# Myler bits



## jane123 (22 October 2011)

Hi  I was wondering if anyone has any experinece and opinions on using myler bits. Are they very strong/sever?


----------



## splashgirl45 (22 October 2011)

any bit can be severe in the wrong hands.. ive only  ridden one horse in a myler bit and in my opinion it  was more severe than a normal snaffle bit.  

it may just be that it didnt suit the horse i was riding as i have heard other people say they love myler bits...they are also very expensive so if you are thinking of getting one it might be worth borrowing one first to make sure your horse is happy before you spend lots of money...


----------



## rambling (22 October 2011)

Yes I have used one and found it really suited my horse and what I wanted it for. 
They come in all different " strengths " of mouthpiece starting at Level 1 going up to Level 5 . I would think you should take expert advise before using any of the "stronger" ones.
If you are just looking at different solutions a Level 1 mouthpiece would be ideal. 

Only a few are Dressage legal which may put you off and they are expensive.
Try to borrow one first to see if they suit your horse. 

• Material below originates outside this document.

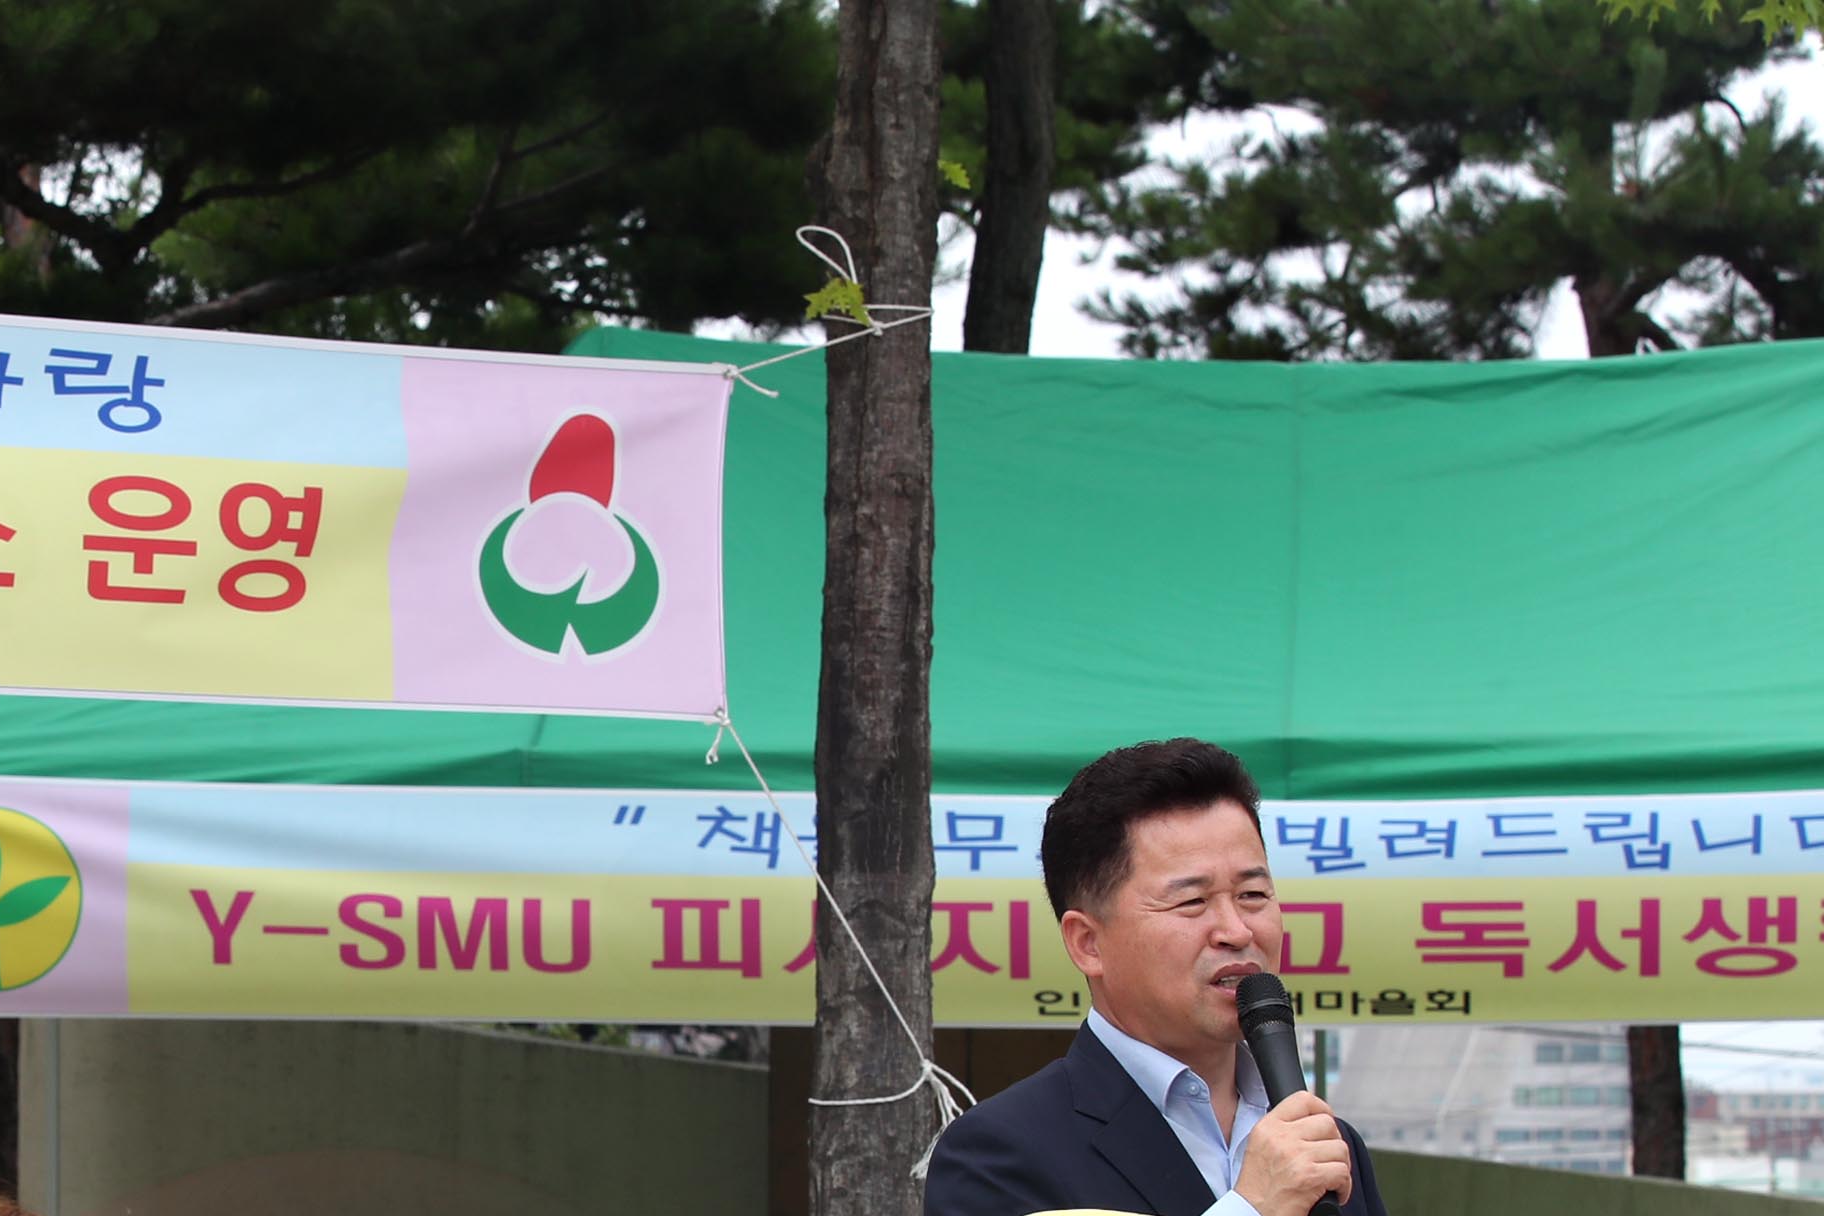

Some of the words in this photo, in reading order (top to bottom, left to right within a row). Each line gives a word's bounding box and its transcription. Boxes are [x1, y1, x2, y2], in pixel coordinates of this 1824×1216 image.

[83, 474, 324, 613] 운영
[696, 805, 818, 870] 책
[1415, 896, 1824, 979] 독서생

The lady who fits them does not like them used with a flash or with a constant ' hold'  on the reins . The whole idea is to give a command and when the horse responds by trying to do what you asked to release and reward the horse. 
I know this is only correct riding but it is amazing how many people just keep a  grip ( not an elastic contact)on the reins and that is not how a Myler is supposed to work. 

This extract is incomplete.